A nurse assesses a client's surgical incision for signs of infection. Which finding by the

nurse would be interpreted as a normal finding at the surgical site?

1. Red, hard skin

2. Serous drainage

3. Purulent drainage

4. Warm, tender skin - correct answer 2. Serous drainage

Rationale: Serous drainage is an expected finding at a surgical site. The other options

indicate signs of wound infection. Signs and symptoms of infection include warm, red,

and tender skin around the incision. Wound infection usually appears 3 to 6 days after

surgery. The client also may have a fever and chills. Purulent material may exit from

drains or from separated wound edges. Infection may be caused by poor aseptic

technique or a contaminated wound before surgical exploration; existing client

conditions such as diabetes mellitus or immunocompromise may place the client at risk.

Test-taking strategy: Use the process of elimination, noting the strategy words normal

finding. Recalling the signs of a wound infection and noting these strategy words will

direct you to option 2. Review the signs of a wound infection if you had difficulty with this

question.

When performing a surgical dressing change of a client's abdominal dressing, a nurse

notes an increase in the amount of drainage and separation of the incision line. The

underlying tissue is visible to the nurse. The nurse should do which of the following in

the initial care of this wound?

1. Leave the incision open to the air to dry the area.

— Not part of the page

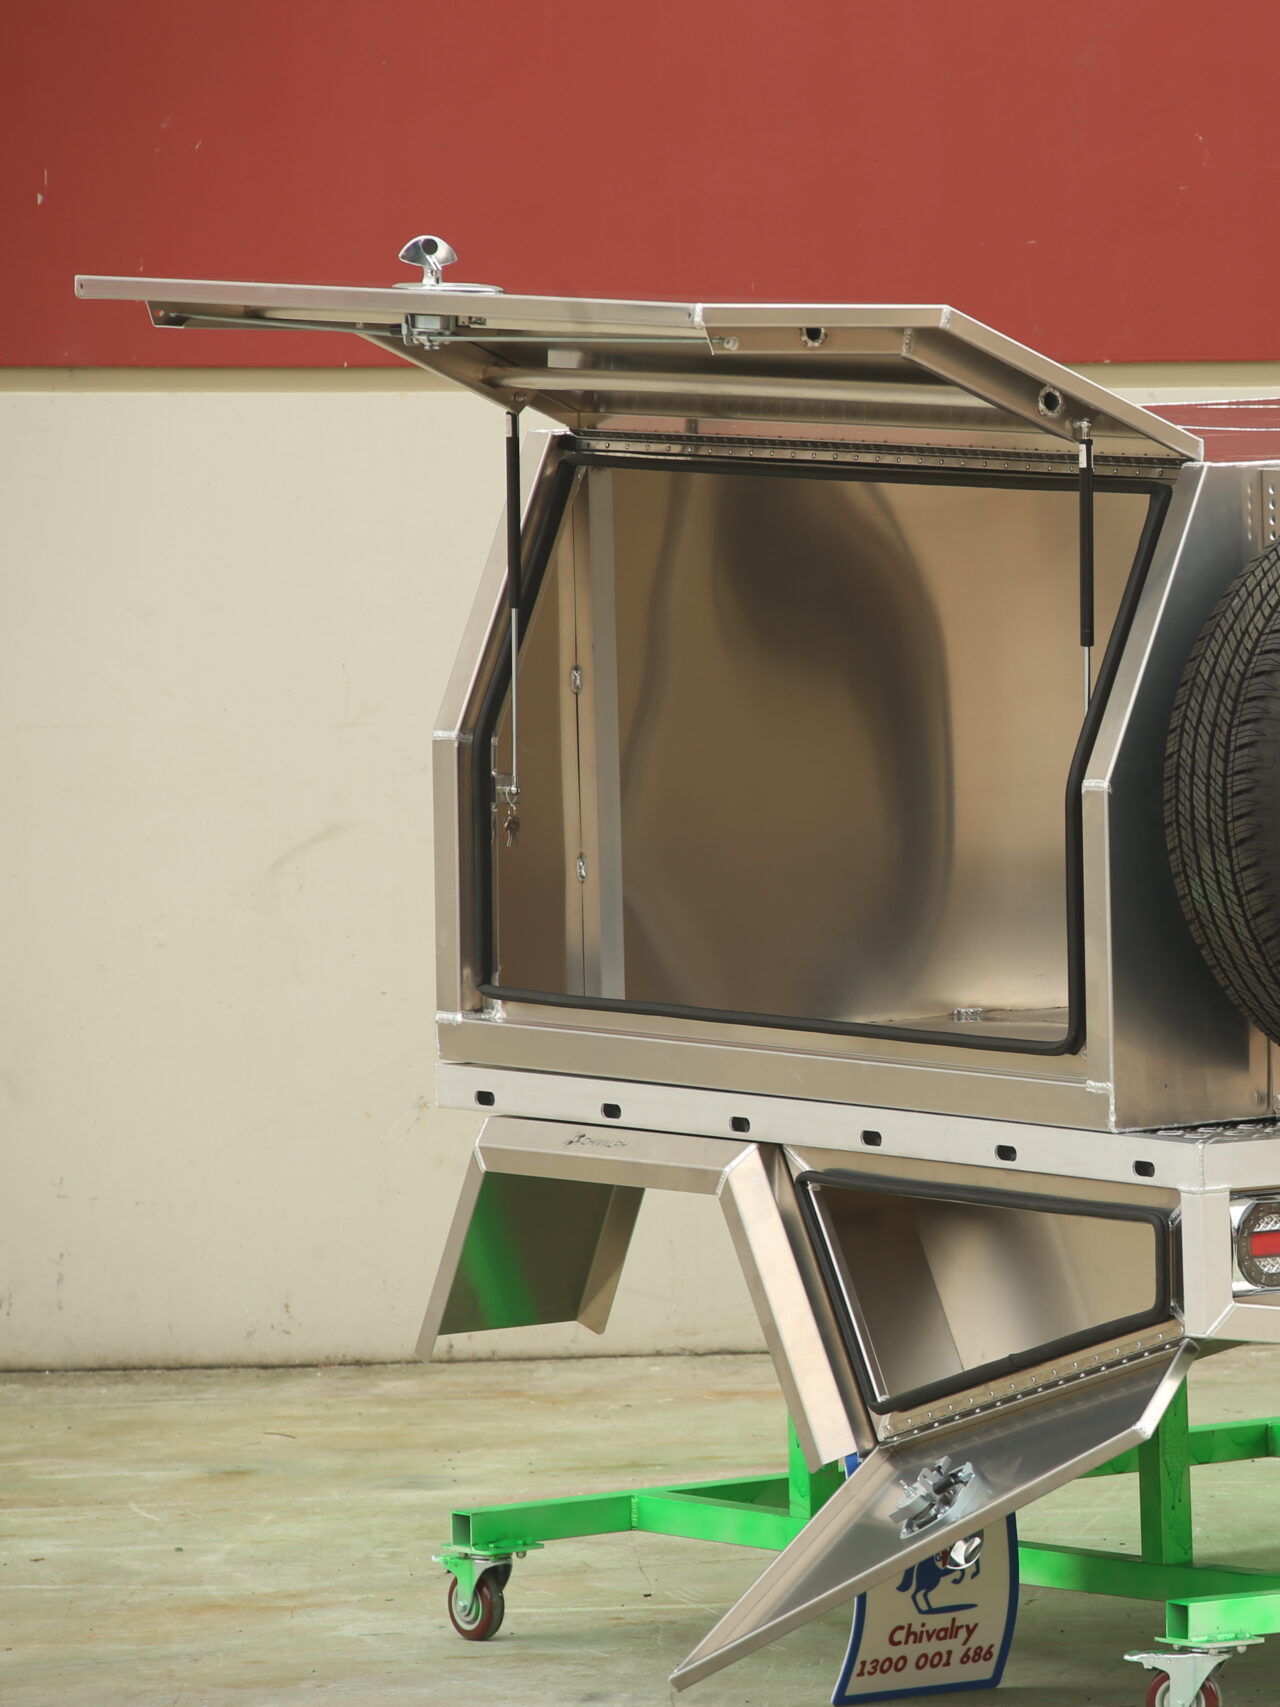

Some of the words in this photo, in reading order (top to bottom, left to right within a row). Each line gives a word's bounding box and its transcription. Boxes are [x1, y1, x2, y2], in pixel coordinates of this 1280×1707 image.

[888, 1617, 979, 1646] Chivalry
[857, 1656, 907, 1677] 1300
[915, 1650, 953, 1669] 001
[960, 1644, 994, 1664] 686

2. Irrigate the wound and apply a sterile dry dressing.

3. Apply a sterile dressing soaked with normal saline.

4. Apply a sterile dressing soaked in providone-iodine (Betadine). - correct answer 3.

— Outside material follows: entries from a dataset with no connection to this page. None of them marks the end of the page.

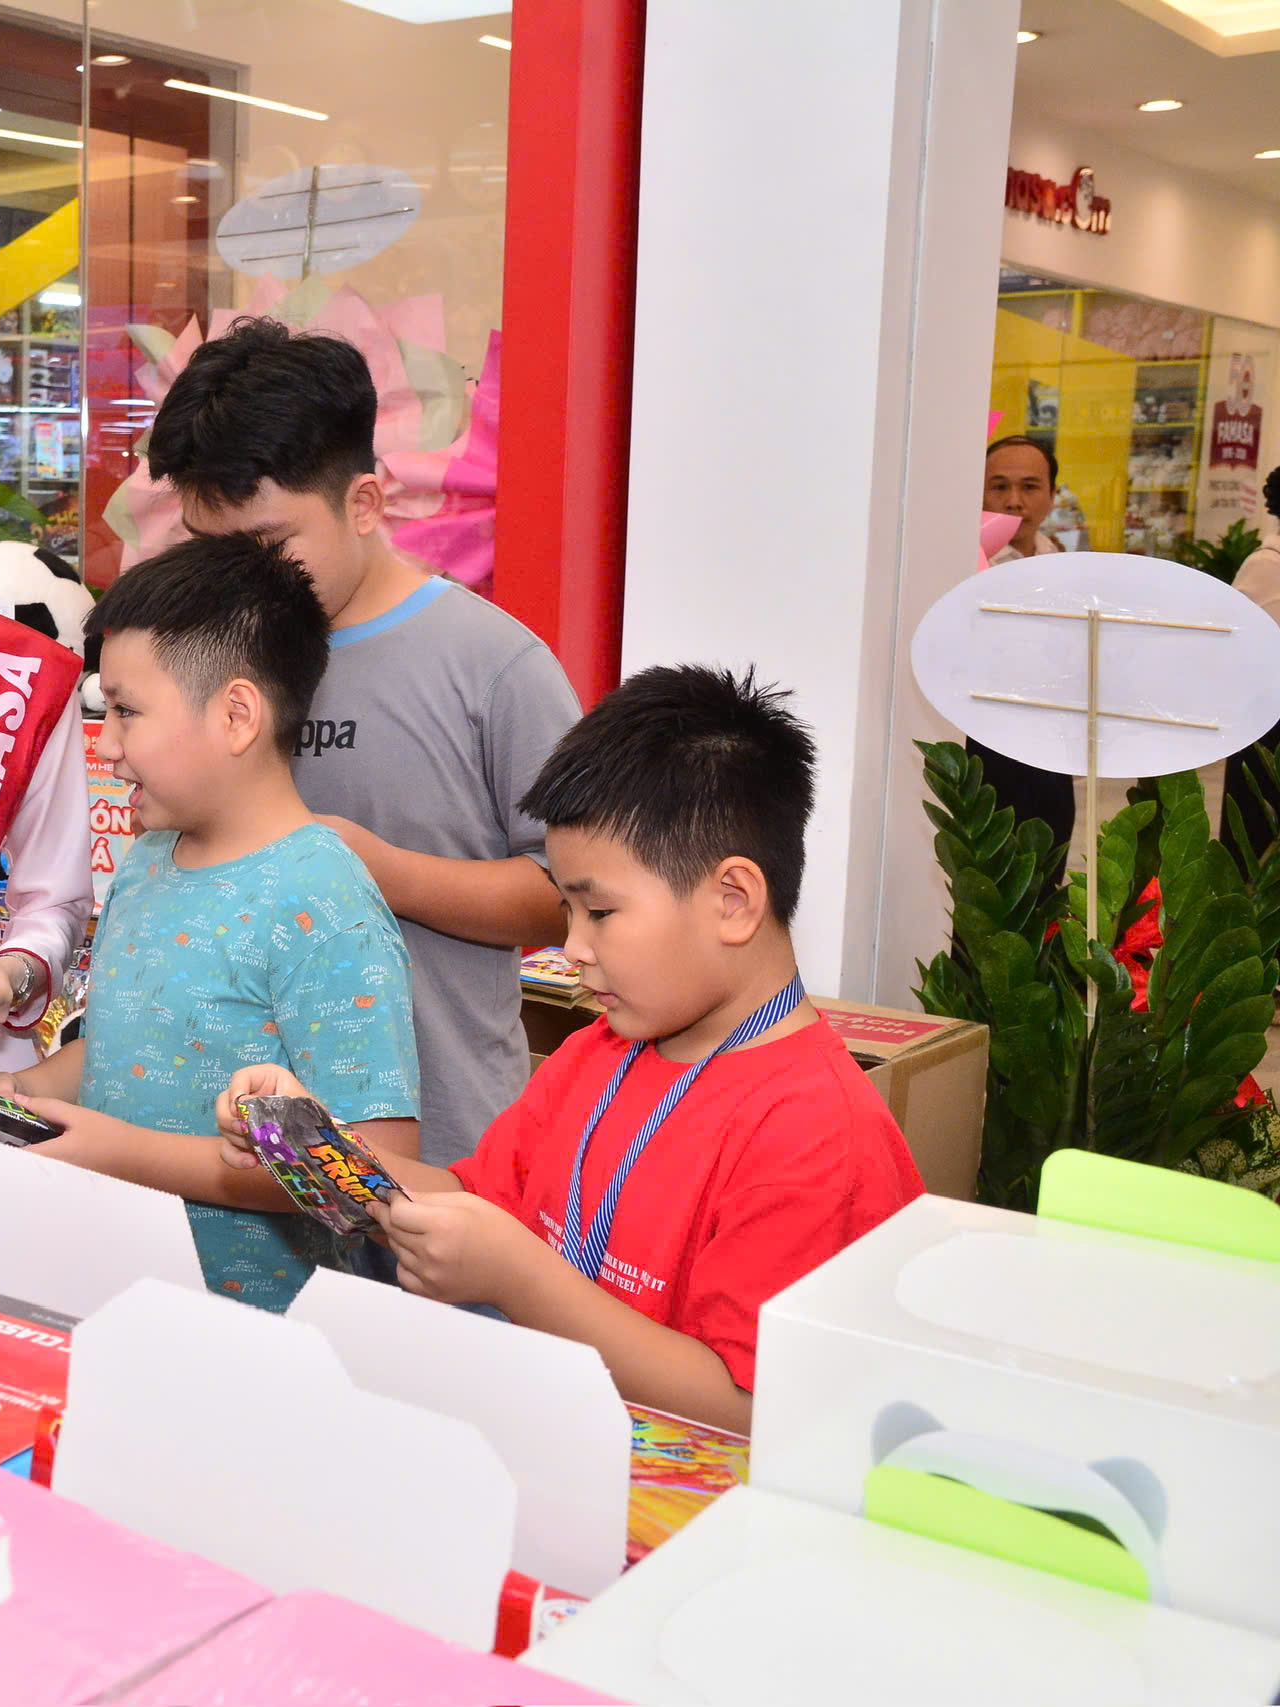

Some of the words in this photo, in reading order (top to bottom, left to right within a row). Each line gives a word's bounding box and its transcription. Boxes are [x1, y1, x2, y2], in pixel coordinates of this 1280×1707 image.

[1217, 420, 1255, 447] FAHASA
[293, 720, 357, 757] ppa
[90, 798, 134, 835] ÓN
[231, 953, 268, 970] DINOSAUR
[196, 1001, 219, 1012] LAKE
[205, 1022, 232, 1033] SWIM
[236, 1052, 262, 1062] TORCH
[370, 1103, 394, 1112] TORCH
[619, 1260, 638, 1279] WILL
[616, 1275, 636, 1293] FEEL

Apply a sterile dressing soaked with normal saline.

Rationale: Wound dehiscence is the separation of wound edges at the suture line. Signs

and symptoms include increased drainage and the appearance of underlying tissues.

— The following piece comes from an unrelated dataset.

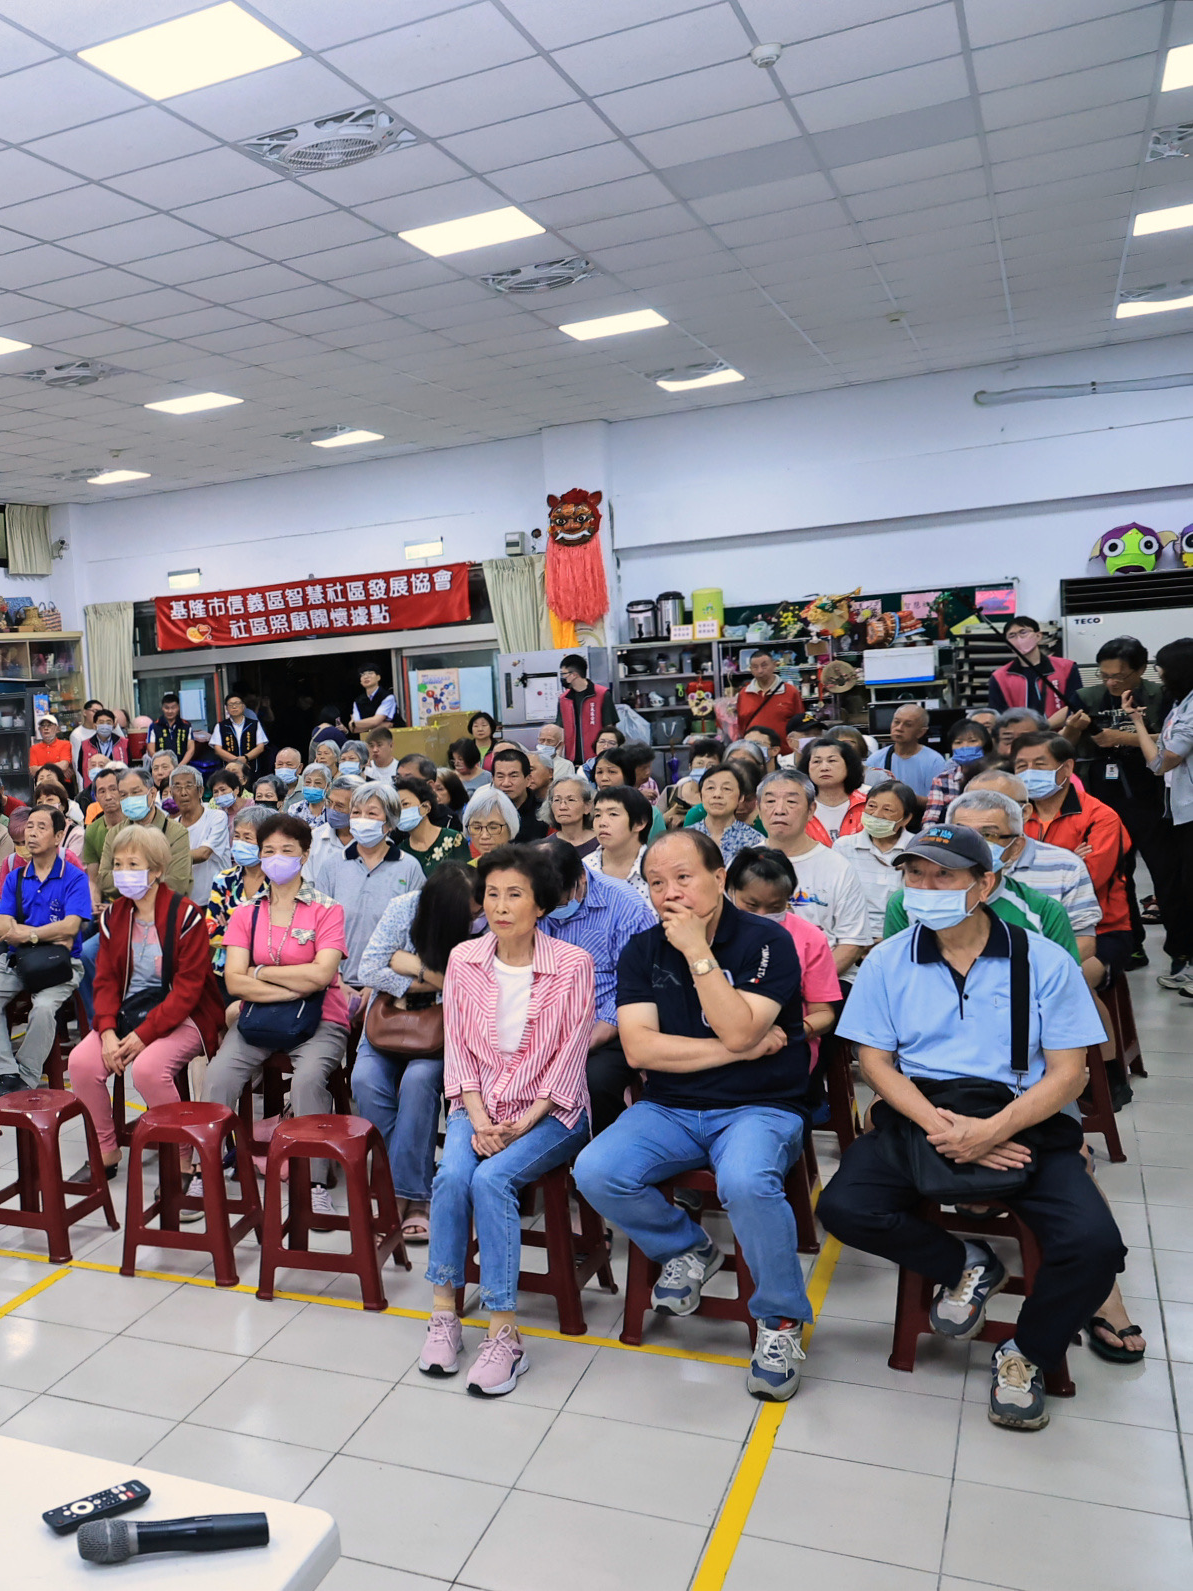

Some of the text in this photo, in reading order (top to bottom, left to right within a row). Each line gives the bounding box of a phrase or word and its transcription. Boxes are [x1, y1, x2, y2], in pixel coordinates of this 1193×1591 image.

[169, 569, 453, 620] 基隆市信義區智慧社區發展協會
[229, 603, 391, 639] 社區照顧關懷據點
[1074, 617, 1101, 625] TECO

Dehiscence usually occurs 6 to 8 days after surgery. The client should be instructed to

remain quiet and avoid coughing or straining. The client should be positioned to prevent

further stress on the wound (semi-Fowler's). Sterile dressings soaked with sterile normal

saline should be used to cover the wound. The nurse must notify the physician after

applying the initial dressing to the wound. Options 1, 2, and 4 are incorrect.